It’s a tale of two food systems. One produces one or two crops at a time on a factory-like farm located thousands of miles from the consumer. The farm equipment is massive and the application of petrochemical fertilizers and pesticides is copious.
The farm is managed by non-owners; the owners are a closely-held investment company with corporate headquarters 2,000 miles from the farm. The community feels like a company town rigidly divided between poor farmworkers and a managerial and professional elite. The farm’s produce is trucked 3,000 miles over six days to a supermarket chain’s warehouse in the northeast region of the US where it is redistributed to the chain’s 200 individual units over the course of two to three days. The chain is owned by a Netherlands-based company. So far, 10 kilocalories of energy have been used to produce the one kilocalorie of food that a local consumer will select from the shelf of a 75,000 square foot super store.
In the other food system, as many as 50 or 60 varieties of produce are grown on each of two dozen farms ranging in size from 5 to 100 acres. They are all located within a 30-mile radius of a major city. Farm equipment is modest in size, appropriate to the needs of the operation and environment. Many of the farms are certified as organic while others are working on ways to reduce their dependence on agri-chemicals. The owners run the farm, live there, and may be third or fourth generation farmers. In this food system, some farms are "owned" by the town where they are located or are community supported agriculture farms serving housholds in a multi-town region. Produce from this network of farms is either picked up at the farm by the consumers or is trucked 10 to 50 miles to the city’s farmers’ market. Some produce is sold to the city’s school food service, which provides lunch daily to 25,000 children.
People Have a Choice
The first food system is big, mainstream, conventional, concentrated, impersonal, global, energy and capital intensive, and unsustainable. The second food system is small, alternative, decentralized, personal, local, labor intensive, and sustainable. The second system is up and running in Hartford, Connecticut, where the Hartford Food System (HFS), a private non-profit organization, has been working to put this vision of a localized food system into action since 1978. Like other communities across the country, the HFS has developed a host of community food projects that try to fill the gaps left by the market economy and its "conventional" food system.
Hartford faces such problems as:
- An overall poverty rate of 24 percent and a childhood poverty rate of 44 percent making it one of the 10 poorest cities in the nation.
- Only two supermarket chain stores serve the entire city, severely curtailing access to affordable food.
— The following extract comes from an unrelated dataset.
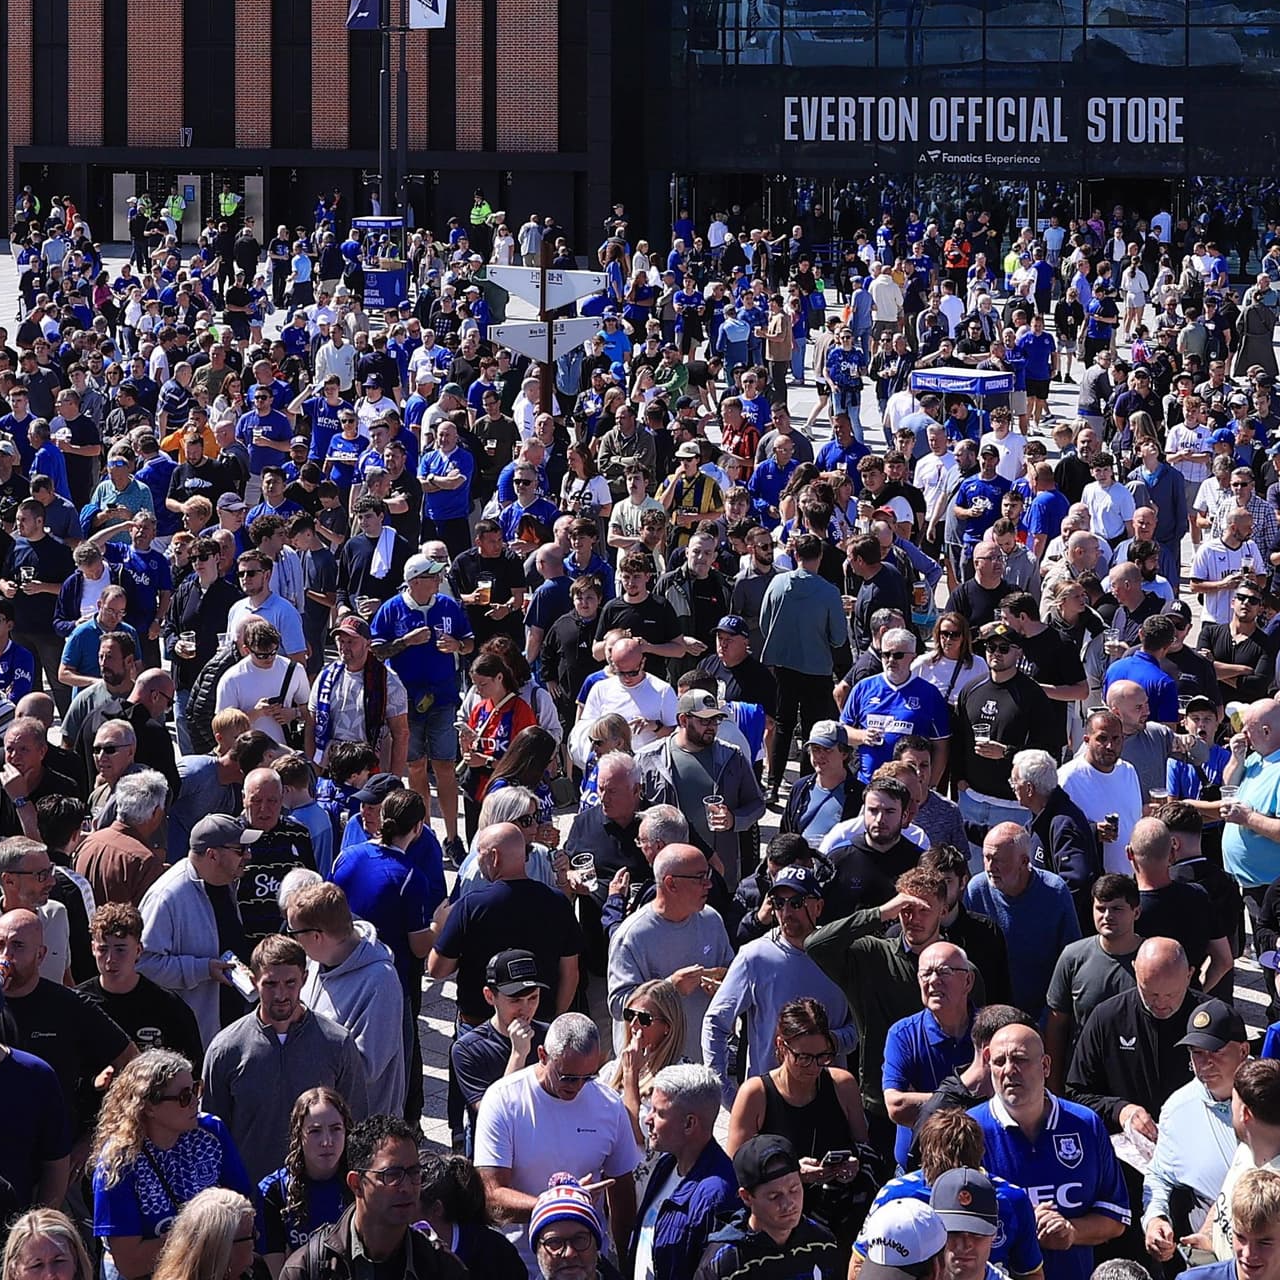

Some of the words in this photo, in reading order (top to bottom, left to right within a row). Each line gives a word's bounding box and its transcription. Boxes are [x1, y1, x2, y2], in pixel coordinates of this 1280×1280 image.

- A large poor and minority population that suffers from chronic diet-related diseases and infant mortality at higher than national rates.
- A city characterized by all other forms of urban blight including congestion, crime, hundreds of abandoned buildings, and environmental pollution such as lead and an excess of waste handling facilities.
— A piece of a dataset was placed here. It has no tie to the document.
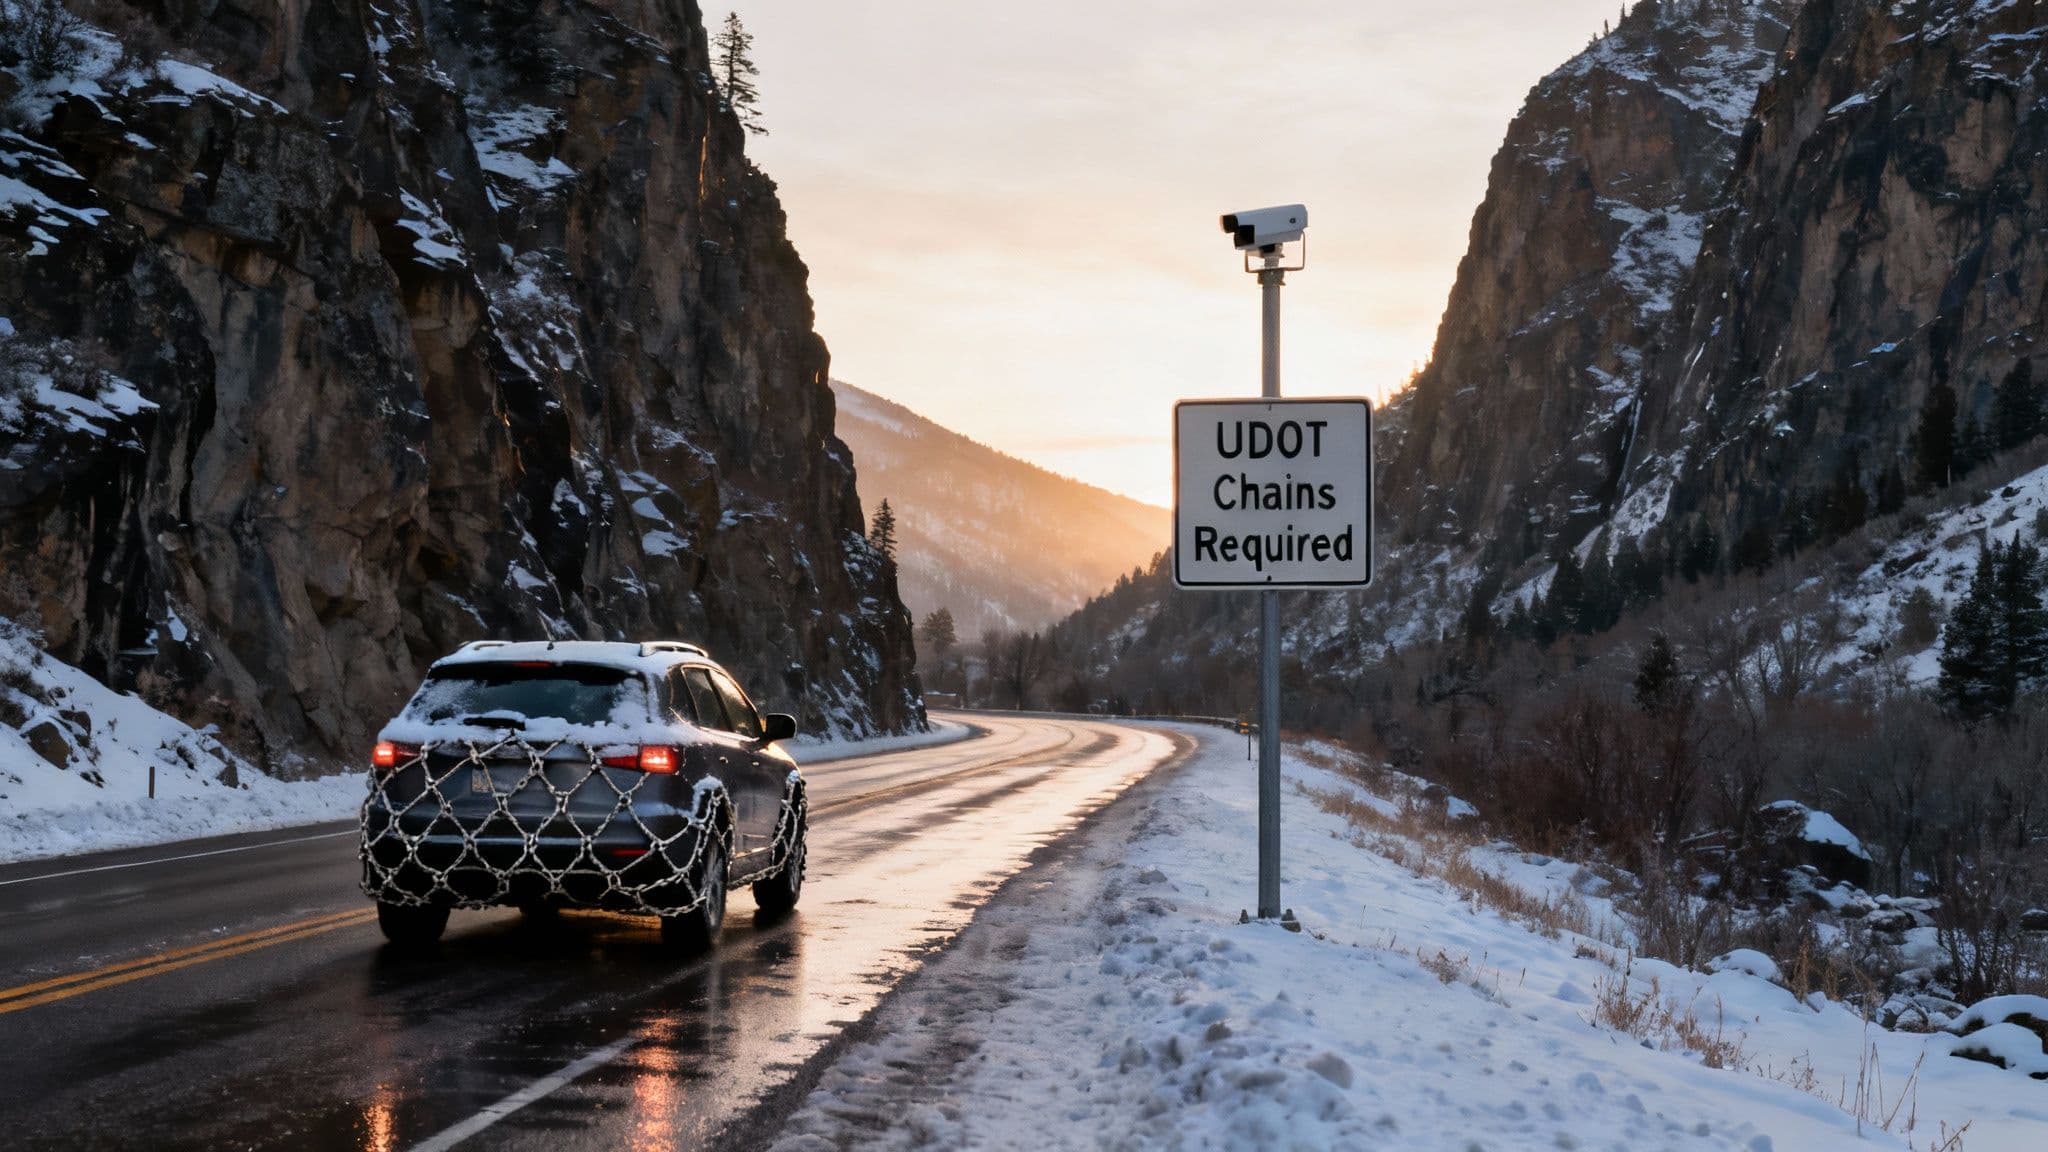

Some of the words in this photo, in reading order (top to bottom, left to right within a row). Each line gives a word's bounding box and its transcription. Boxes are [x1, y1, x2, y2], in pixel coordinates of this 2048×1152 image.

In the state of Connecticut, related problems compound those of Hartford:
- Since 1982, almost 17 percent of the state’s farmland has been lost to development. Nationally, the state is number two in the number of shopping malls per square mile and 45th in the amount of farmland (7 percent) .
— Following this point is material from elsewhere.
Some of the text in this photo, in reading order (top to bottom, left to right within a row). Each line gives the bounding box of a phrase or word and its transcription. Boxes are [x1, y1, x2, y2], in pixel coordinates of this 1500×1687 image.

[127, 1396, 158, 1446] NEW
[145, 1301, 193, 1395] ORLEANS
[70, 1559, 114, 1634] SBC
- At the end of the national food and energy pipeline, Connecticut’s food arrives from California and Mexico after nearly everyone else has received theirs. This position at the end of the distribution chain means that the state’s food is more expensive and lower in quality.
But the quality and structure of the region’s food system are not the first things on the minds of most urban residents, especially lower income families. According to Shirley Surgeon, a block captain in Hartford’s predominantly African-American north end, "people are so occupied with just surviving, they really haven’t related to the actual environment where they are living." Urban poverty begets a survival mentality that places such desires as a clean, unpolluted environment and a safe, sustainable food supply in positions of low priority.
Crime may be the one overriding reality for every urban resident. Jim Riley is a 72-year-old community gardener of Jamaican ancestry whose prodigious gardening skills help feed six families. "There’s no safe haven in Hartford no more … I used to sit on my porch and watch the girls go by and listen to the ball games on my radio, but no more. There’s all these drive-by shootings and stuff, people can get shot on their porch."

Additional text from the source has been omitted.